HOW TO COMPLETE THIS TASK:
Reproduce every entry below precisely; do not include the pictures.

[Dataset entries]
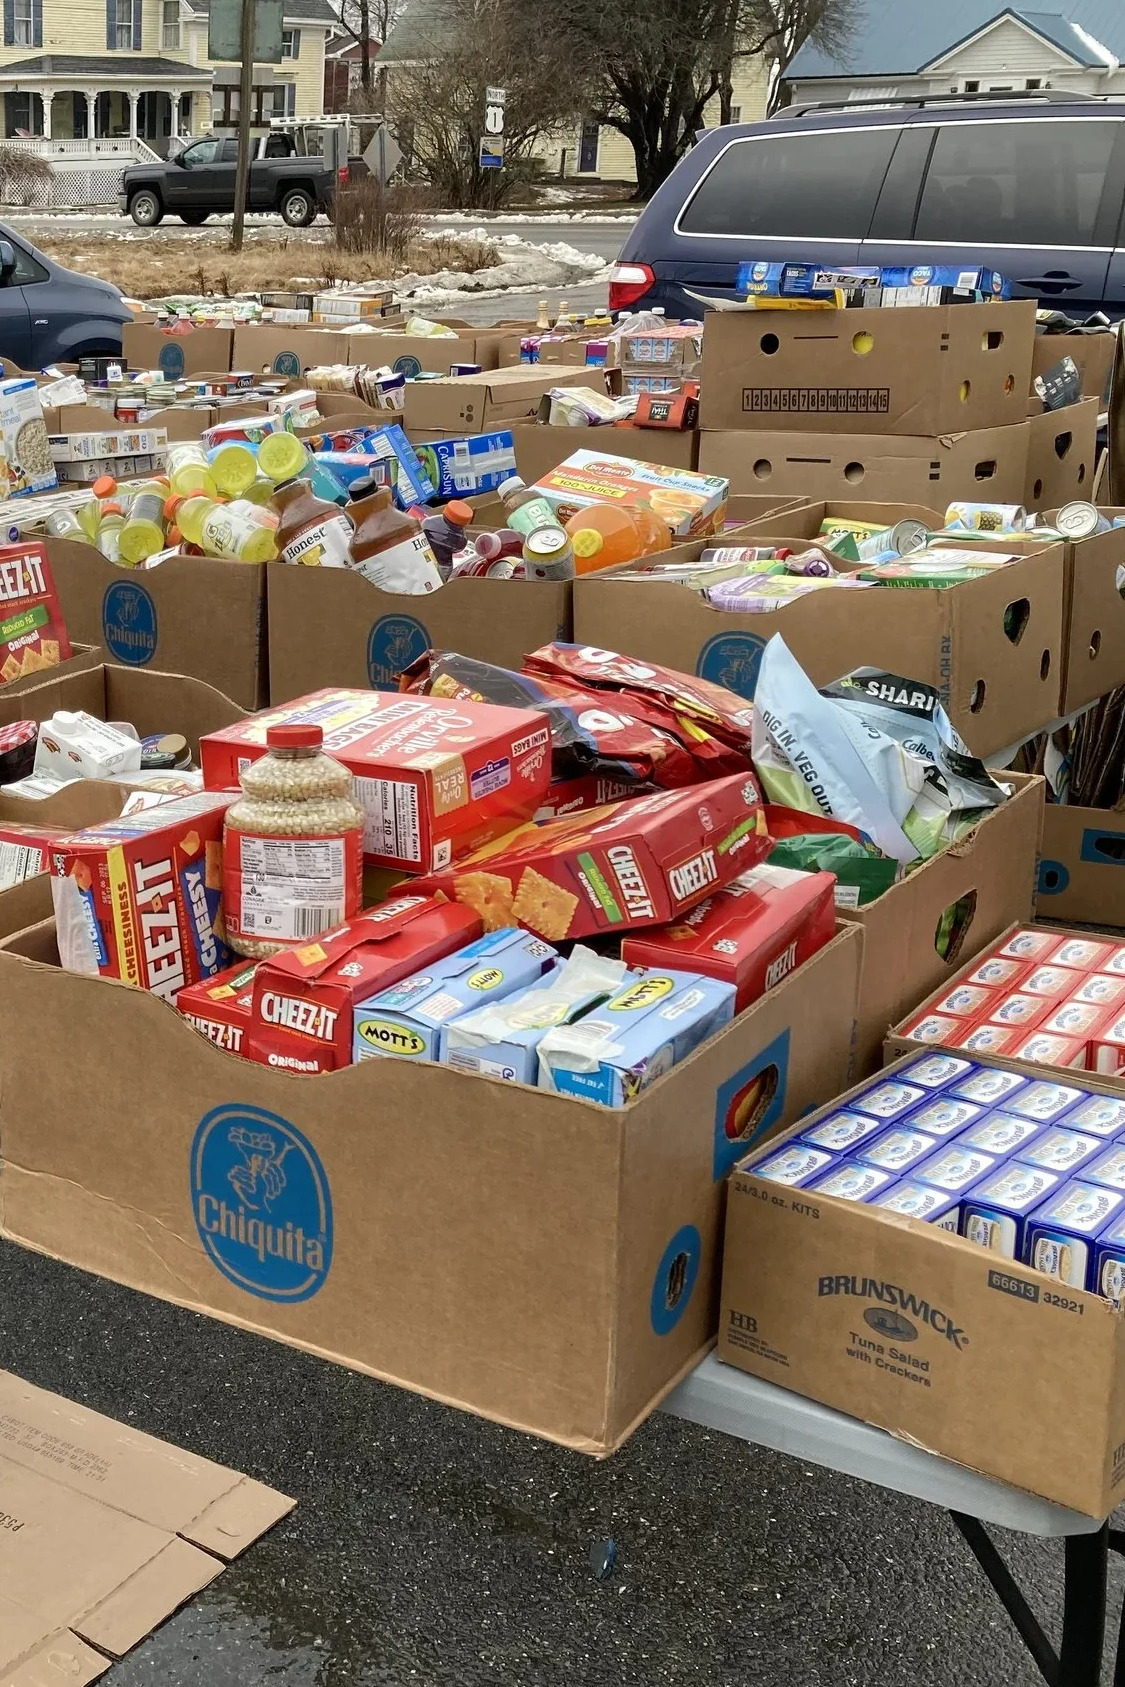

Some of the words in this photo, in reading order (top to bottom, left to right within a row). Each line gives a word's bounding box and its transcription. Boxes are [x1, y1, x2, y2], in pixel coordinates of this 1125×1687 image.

[488, 90, 505, 100] NORTH
[493, 112, 497, 128] 1
[746, 394, 750, 406] 1
[755, 395, 759, 406] 2
[764, 395, 768, 407] 3
[773, 395, 778, 407] 4
[783, 395, 787, 407] 5
[792, 395, 796, 407] 6
[801, 395, 806, 407] 7
[811, 395, 815, 407] 8
[820, 395, 825, 407] 9
[829, 395, 837, 407] 10
[839, 395, 846, 407] 11
[849, 395, 856, 407] 12
[859, 395, 866, 407] 13
[868, 395, 876, 407] 14
[879, 395, 886, 407] 15
[551, 469, 598, 486] Mandarin
[600, 480, 639, 493] Oranges
[588, 463, 601, 473] Del
[602, 466, 632, 477] Monte
[589, 485, 620, 497] JUICE
[679, 480, 711, 493] Snacks
[286, 526, 326, 560] Honest
[105, 623, 154, 649] Chiquita
[376, 702, 421, 727] MINI
[323, 721, 380, 750] BAGS
[403, 715, 473, 755] Orville
[513, 738, 529, 755] BAGS
[529, 731, 548, 748] MINI
[763, 711, 779, 731] DIG
[794, 751, 818, 782] VEG
[810, 782, 834, 815] OUT
[436, 773, 465, 789] REAL
[441, 784, 462, 804] Only
[409, 785, 418, 830] Nutrition
[384, 818, 392, 836] 210
[386, 843, 393, 855] 35
[412, 833, 420, 859] Facts
[117, 882, 137, 979] CHEESINESS
[134, 858, 185, 1005] HEEZ-IT
[186, 871, 218, 968] CHEESY
[364, 1025, 419, 1050] MOTT'S
[735, 1181, 768, 1202] 24/3.0
[792, 1202, 821, 1220] KITS
[198, 1193, 325, 1272] Chiquita
[992, 1275, 1036, 1298] 66613
[1043, 1292, 1085, 1315] 32921
[729, 1309, 758, 1333] HB
[849, 1331, 885, 1355] Tuna
[888, 1347, 930, 1372] Salad
[846, 1347, 871, 1364] with
[875, 1357, 931, 1388] Crackers
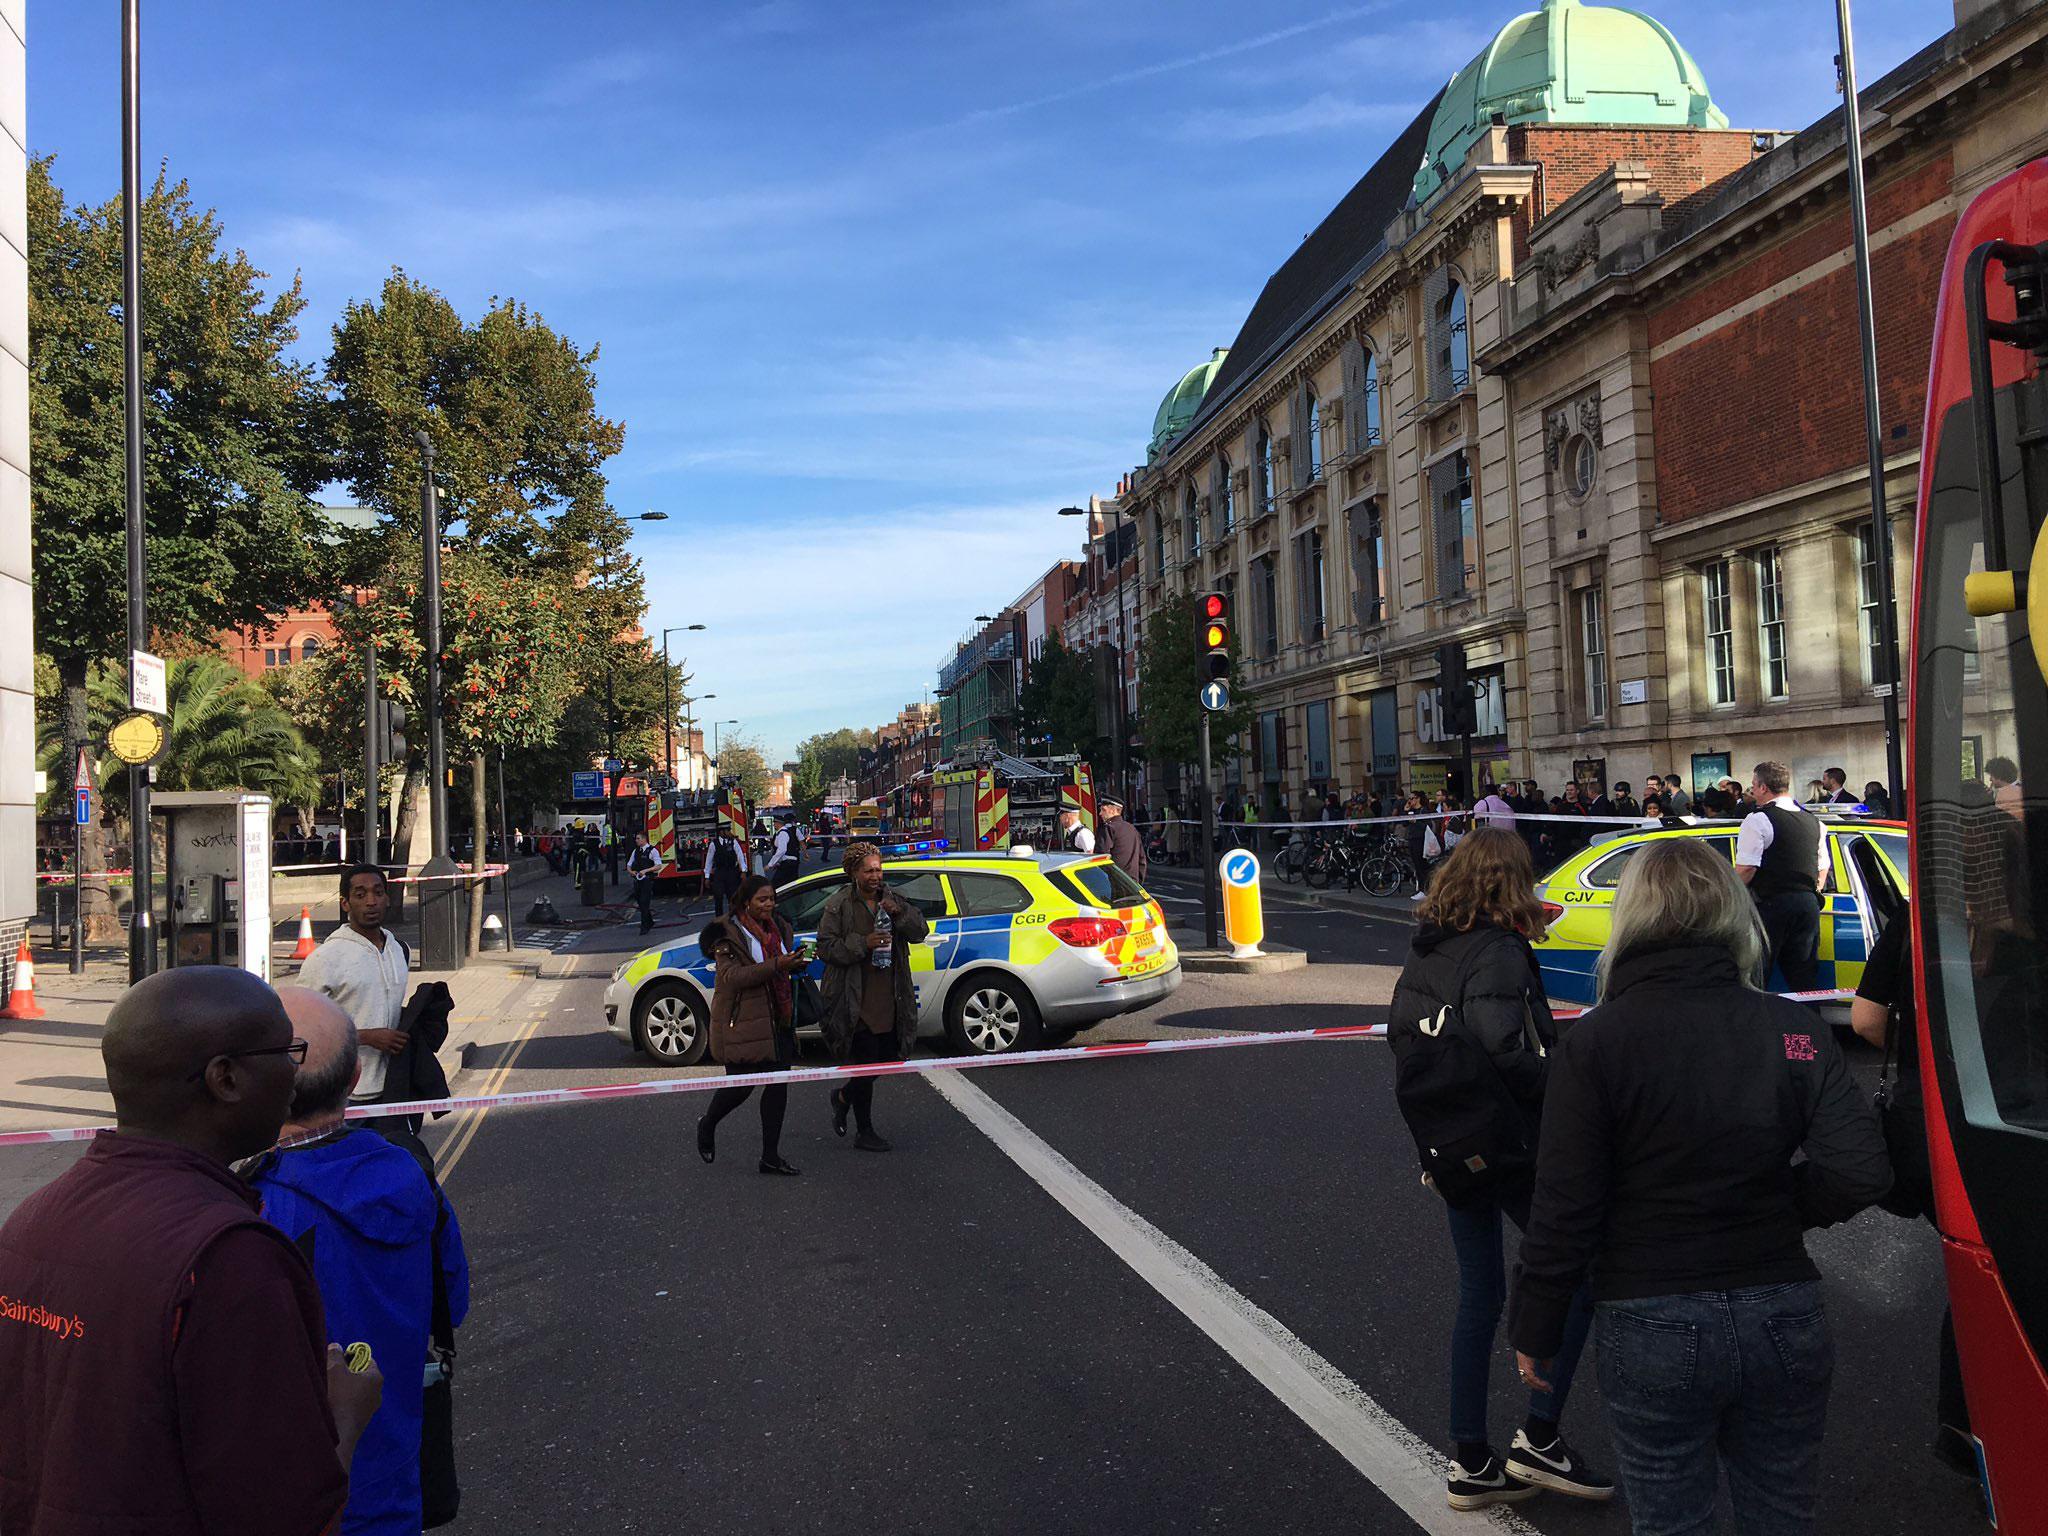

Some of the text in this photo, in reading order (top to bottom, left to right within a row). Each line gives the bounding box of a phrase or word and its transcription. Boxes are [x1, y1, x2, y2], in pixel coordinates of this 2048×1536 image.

RESPONSE AREA:
Some of the words in this photo, in reading order (top to bottom, left to right within a row). Each line gives a word's bounding box and its transcription. Boxes are [x1, y1, x2, y2], in pixel coordinates of this 1125×1687 image.

[488, 90, 505, 100] NORTH
[493, 112, 497, 128] 1
[746, 394, 750, 406] 1
[755, 395, 759, 406] 2
[764, 395, 768, 407] 3
[773, 395, 778, 407] 4
[783, 395, 787, 407] 5
[792, 395, 796, 407] 6
[801, 395, 806, 407] 7
[811, 395, 815, 407] 8
[820, 395, 825, 407] 9
[829, 395, 837, 407] 10
[839, 395, 846, 407] 11
[849, 395, 856, 407] 12
[859, 395, 866, 407] 13
[868, 395, 876, 407] 14
[879, 395, 886, 407] 15
[551, 469, 598, 486] Mandarin
[600, 480, 639, 493] Oranges
[588, 463, 601, 473] Del
[602, 466, 632, 477] Monte
[589, 485, 620, 497] JUICE
[679, 480, 711, 493] Snacks
[286, 526, 326, 560] Honest
[105, 623, 154, 649] Chiquita
[376, 702, 421, 727] MINI
[323, 721, 380, 750] BAGS
[403, 715, 473, 755] Orville
[513, 738, 529, 755] BAGS
[529, 731, 548, 748] MINI
[763, 711, 779, 731] DIG
[794, 751, 818, 782] VEG
[810, 782, 834, 815] OUT
[436, 773, 465, 789] REAL
[441, 784, 462, 804] Only
[409, 785, 418, 830] Nutrition
[384, 818, 392, 836] 210
[386, 843, 393, 855] 35
[412, 833, 420, 859] Facts
[117, 882, 137, 979] CHEESINESS
[134, 858, 185, 1005] HEEZ-IT
[186, 871, 218, 968] CHEESY
[364, 1025, 419, 1050] MOTT'S
[735, 1181, 768, 1202] 24/3.0
[792, 1202, 821, 1220] KITS
[198, 1193, 325, 1272] Chiquita
[992, 1275, 1036, 1298] 66613
[1043, 1292, 1085, 1315] 32921
[729, 1309, 758, 1333] HB
[849, 1331, 885, 1355] Tuna
[888, 1347, 930, 1372] Salad
[846, 1347, 871, 1364] with
[875, 1357, 931, 1388] Crackers

Some of the text in this photo, in reading order (top to bottom, left to right within a row). Each line gives the bounding box of a phrase or word and its transcription. Boxes are [x1, y1, x2, y2], in pixel coordinates of this 2048×1536 image.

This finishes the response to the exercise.